Yves ferme les yeux… Des images qu’il croyait avoir oubliées ressurgissent, s’alignent dans le long tunnel d’un kaléidoscope :
- La gare du Mans, impersonnelle, escale obligée de la région Ouest pour l’AFN ;
- Le va et vient des camions ponctué par des coups de freins brutaux visant à impressionner les jeunes recrues ;
- « L’accueil » dans un hangar où s’entassent des bottes de paille, les dortoirs étant déjà saturés ;
- Enfin l’octroi de la tenue militaire.
 
Avec les guêtres, l’immense capote, la musette et la gourde tenues en bandoulière par une large bretelle de cuir, le futur soldat d’AFN n’avait rien à envier au poilu de 1914 !
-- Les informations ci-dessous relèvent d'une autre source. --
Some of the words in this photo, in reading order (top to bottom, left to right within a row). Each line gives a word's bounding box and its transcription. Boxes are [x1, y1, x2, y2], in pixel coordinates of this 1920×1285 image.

« Et surtout, vérifiez vos gourdes ! »
Une fois sur deux le récipient se révèle défectueux. Les plus chanceux reçoivent alors une gourde type campeur, fixée à la ceinture : un changement de look décisif !
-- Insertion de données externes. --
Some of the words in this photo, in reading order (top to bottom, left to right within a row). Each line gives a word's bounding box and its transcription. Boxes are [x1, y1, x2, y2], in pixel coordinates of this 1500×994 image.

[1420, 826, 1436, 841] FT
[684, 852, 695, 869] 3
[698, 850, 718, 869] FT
Pas de quoi tout de même s’enthousiasmer. Dans le train spécial qui conduit les recrues à Marseille, Yves se sent soudain moins seul. Chacun veut briser le silence un peu oppressant et s’interroge sur son affectation qui paraît souvent incompréhensible.
« Toi, l’instituteur, tu vas dans « le Train »… C’est n’importe quoi ! Tu vas te retrouver mécanicien ! »
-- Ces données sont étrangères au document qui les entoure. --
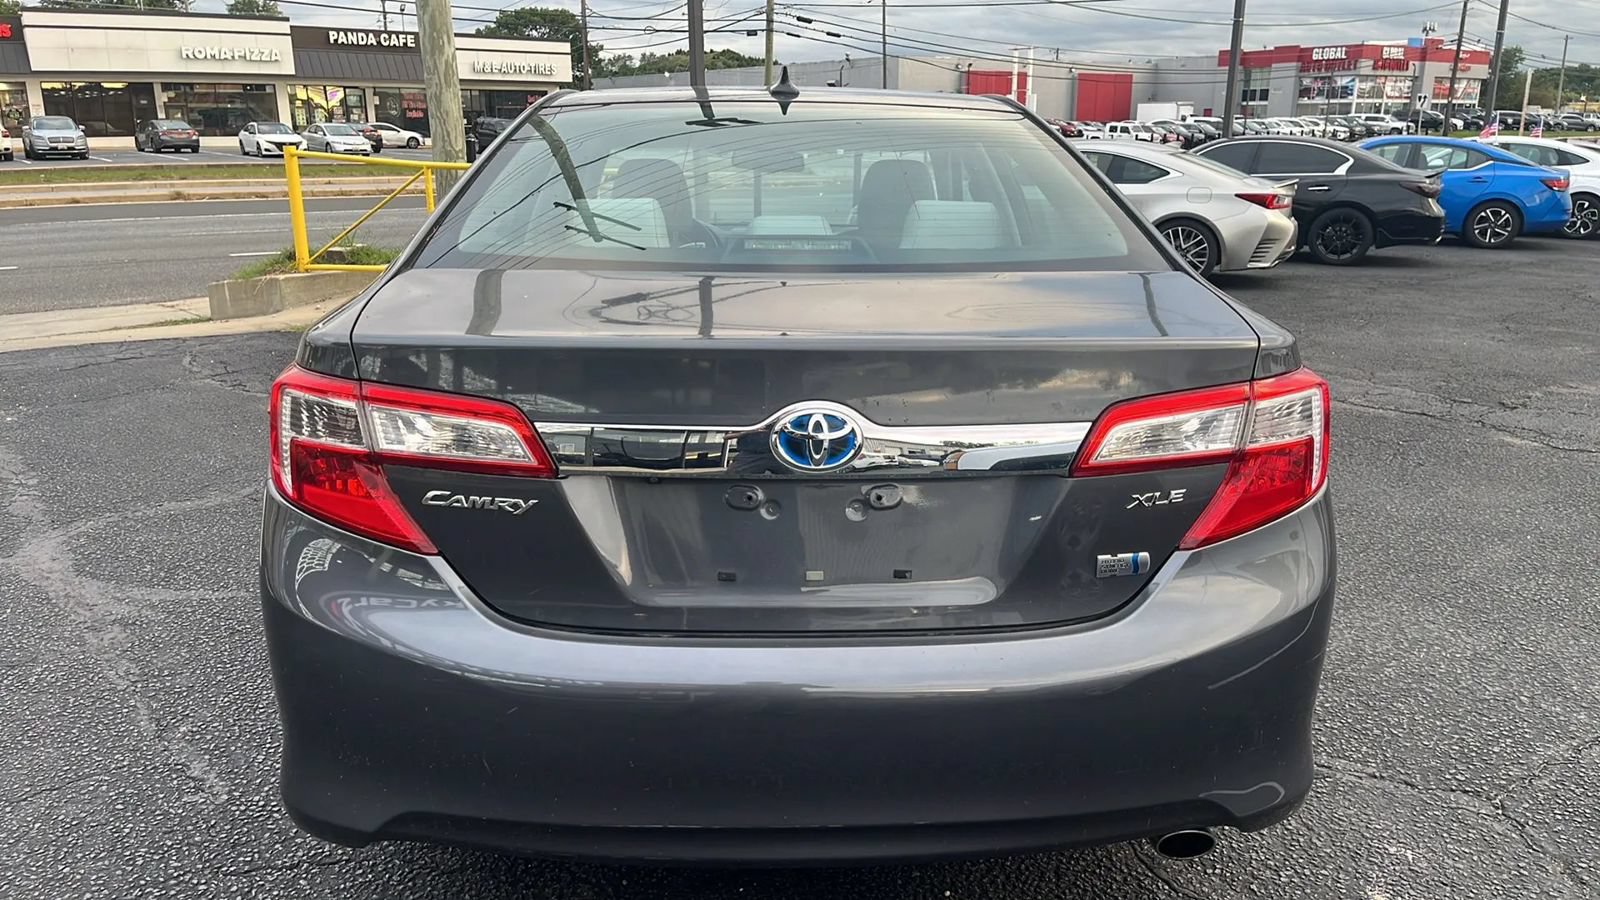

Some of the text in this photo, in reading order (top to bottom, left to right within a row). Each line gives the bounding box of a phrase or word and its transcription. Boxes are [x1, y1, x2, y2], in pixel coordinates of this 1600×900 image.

[0, 23, 12, 38] S
[328, 30, 416, 48] PANDA CAFE
[181, 45, 282, 61] ROMA PIZZA
[1312, 46, 1348, 61] GLOBAL
[500, 62, 528, 74] AUTO
[529, 63, 558, 76] TIRES
[421, 490, 539, 515] CAMRY
[1126, 488, 1187, 509] XLE
Enfin des sourires… La glace est rompue. Yves ouvre sa musette. Le compartiment se transforme bientôt en aire de pique-nique. On découvre le « menu » : boîtes de pâté couleur kaki sans la moindre inscription, biscuits « de guerre » durs comme du béton. Non décidément, il faudra attendre des jours plus difficiles. Tous préfèrent les restes de la veille.
 
Marseille… Une seule adresse : le camp Sainte Marthe qui rassemble tous les jeunes soldats en partance pour l’Algérie. Zone de transit, véritable fourmilière où l’appelé n’est qu’un numéro… un mauvais numéro.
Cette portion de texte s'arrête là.